Este bolo me remete a uma das minhas melhores memórias afetivas.
Refazer este bolo mil vezes, pra mim é mágico. Sei a receita de cor e salteado, mas olhar o livro de receitas, com páginas endurecidas e amareladas, me permite um ritual de amor.
A receita é da minha mãe.
Lembro bem que antes da batedeira Walita vermelha chegar, tínhamos que segurar a bacia pra que ela batesse as gemas com açúcar, manteiga e afeto, até virar um creme. Que preguiça eu tinha daquilo. Vez por outra a colher de pau, habilmente usada, esbarrava no meu dedo gordinho que escorregava pra dentro da bacia... Dava uma dorzinha e eu rapidamente voltava o dedo pro
lado de fora, tentando não fazer a bacia girar. Neste momento sempre tinha uma lambidinha... O ritual prosseguia e eu pequenina, esperava a "raspa do bolo”. Aquele restinho de amor e massa que ficava no fundo da vasilha. Meu irmão sempre ganhava mais... E eu implicava...

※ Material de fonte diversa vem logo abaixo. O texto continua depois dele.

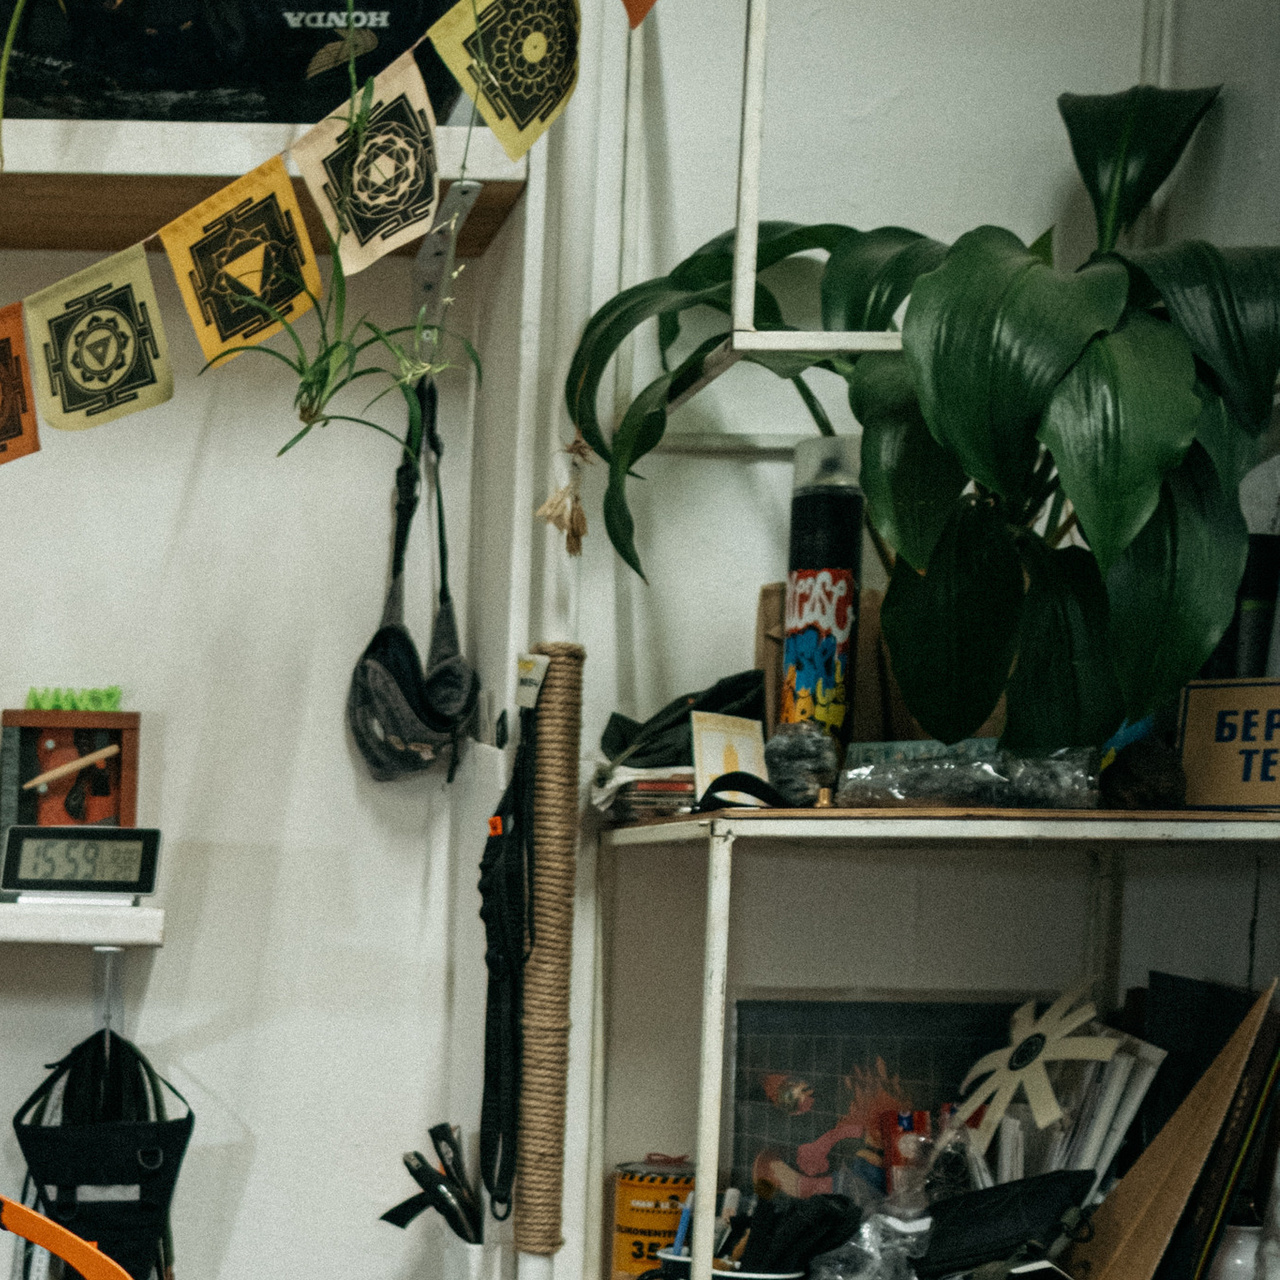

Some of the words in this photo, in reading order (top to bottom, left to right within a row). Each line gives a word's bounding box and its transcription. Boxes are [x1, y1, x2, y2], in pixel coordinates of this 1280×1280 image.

[282, 11, 390, 28] HONDA
[1238, 748, 1279, 782] ТЕ
[631, 1240, 675, 1260] 35

Logo aquele cheiro, o mesmo que senti hoje, invadia a casa e o momento do lanche era esperado com gulodice e aquela fome imensa que mora na barriga das crianças.
Vinha a amiga com seus filhos e marido.. Os homens ficavam no quintal, agachados e observando os passarinhos nas gaiolas caprichosamente feitas pelo meu pai. Falavam de futebol e outras coisas desinteressantes para crianças... As mulheres falavam das labutas e vez por outra eu as ouvia reclamar dos maridos... E o lanche seguia animado e saboroso...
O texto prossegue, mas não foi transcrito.